Ika Krismantari
The Jakarta Post, Jakarta
08 May 07
http://www.thejakartapost.com/detailbusiness.asp?fileid=20070508.L03&irec=2
Indonesia, the world’s second largest gas exporter, may terminate a gas export contract with a Singaporean company midyear should it fail to comply with conditions precedent set out in the contract, a government official says.
The government is currently reviewing the gas-export contract with Island Power (IP), as it has failed to secure a pipeline connection with another Singaporean company, Gas Supply Pte. Ltd. (GSPL), a subsidiary of Temasek Holdings.
IP has yet to seal a deal for the utilization of a 12-kilometer-long pipeline that belongs to GSPL, which is demanding payment for the use of the pipeline, which links up with Perusahaan Gas Negara (PGN)’s 470-kilometer-long pipeline network linking Indonesia and Singapore.
Eddy Purwanto, Upstream Oil and Gas Executive Agency (BP Migas) deputy chairman for marketing and finance, said Monday the government had sent a notification to IP in connection with the pipeline issue, which is one of the requirements already stated in the contract for it to go ahead.
“If they still can’t afford to comply with the CP (condition precedent), (the contract) will be terminated. We have set them a deadline of before midyear,” Eddy said.
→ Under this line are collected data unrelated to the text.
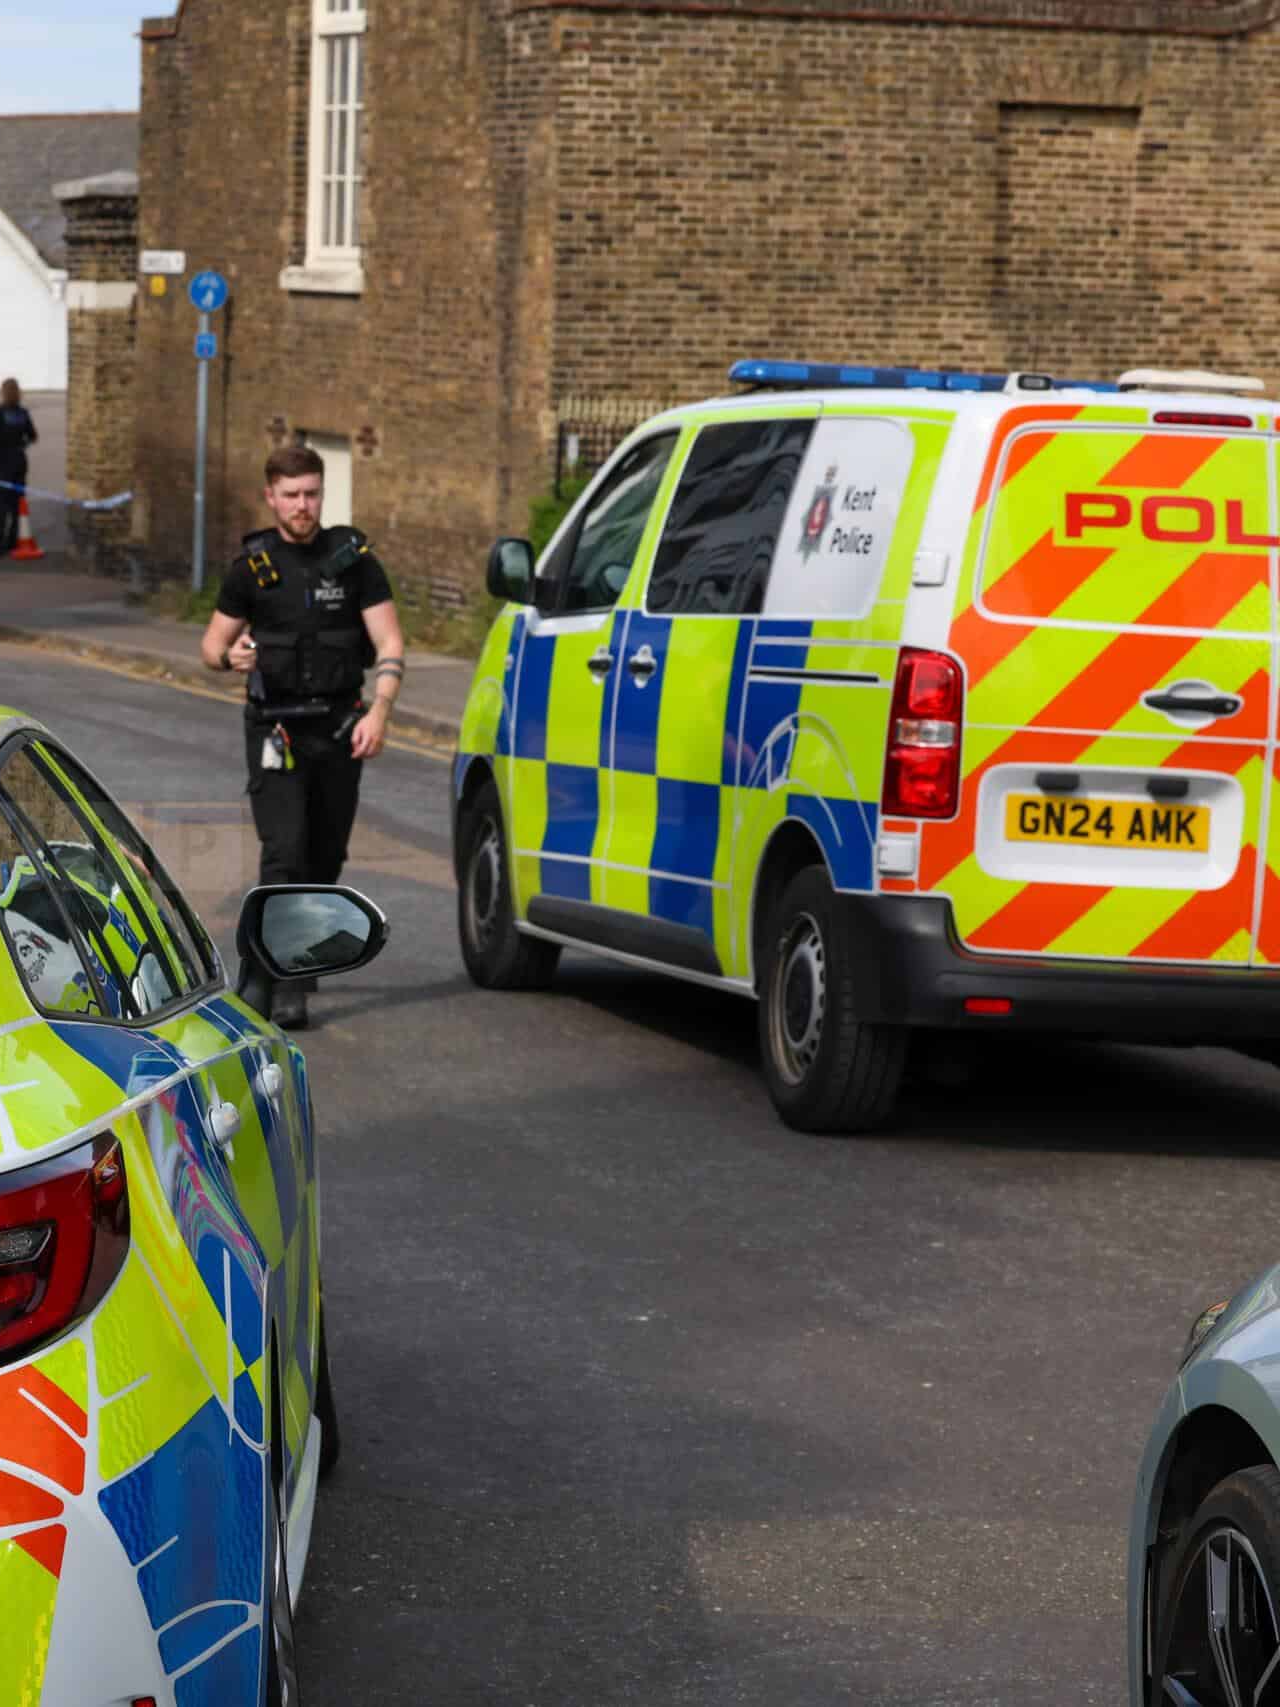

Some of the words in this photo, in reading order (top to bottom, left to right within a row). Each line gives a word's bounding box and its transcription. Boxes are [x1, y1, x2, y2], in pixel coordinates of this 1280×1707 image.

[841, 485, 876, 511] Kent
[1065, 492, 1280, 546] POL
[830, 527, 872, 554] Police
[1019, 802, 1114, 838] GN24
[1128, 809, 1196, 844] AMK
Under the agreement between the government and IP, Indonesia is to deliver 110 million standard cubic feet per day (mmscfd) of gas over a period of 13 years to IP through a gas pipeline up until 2014.
The 470-kilometer pipeline transmits the gas from ConocoPhillips’ gas field in Grissik, South Sumatra, through Batam.
In addition to Conoco’s Grissik field, Singapore receives gas from Conoco and its partners’ fields in Natuna.
Like Singapore, Malaysia also has a contract for the supply of gas from the Natuna field. This contract runs for 20 years up until 2020.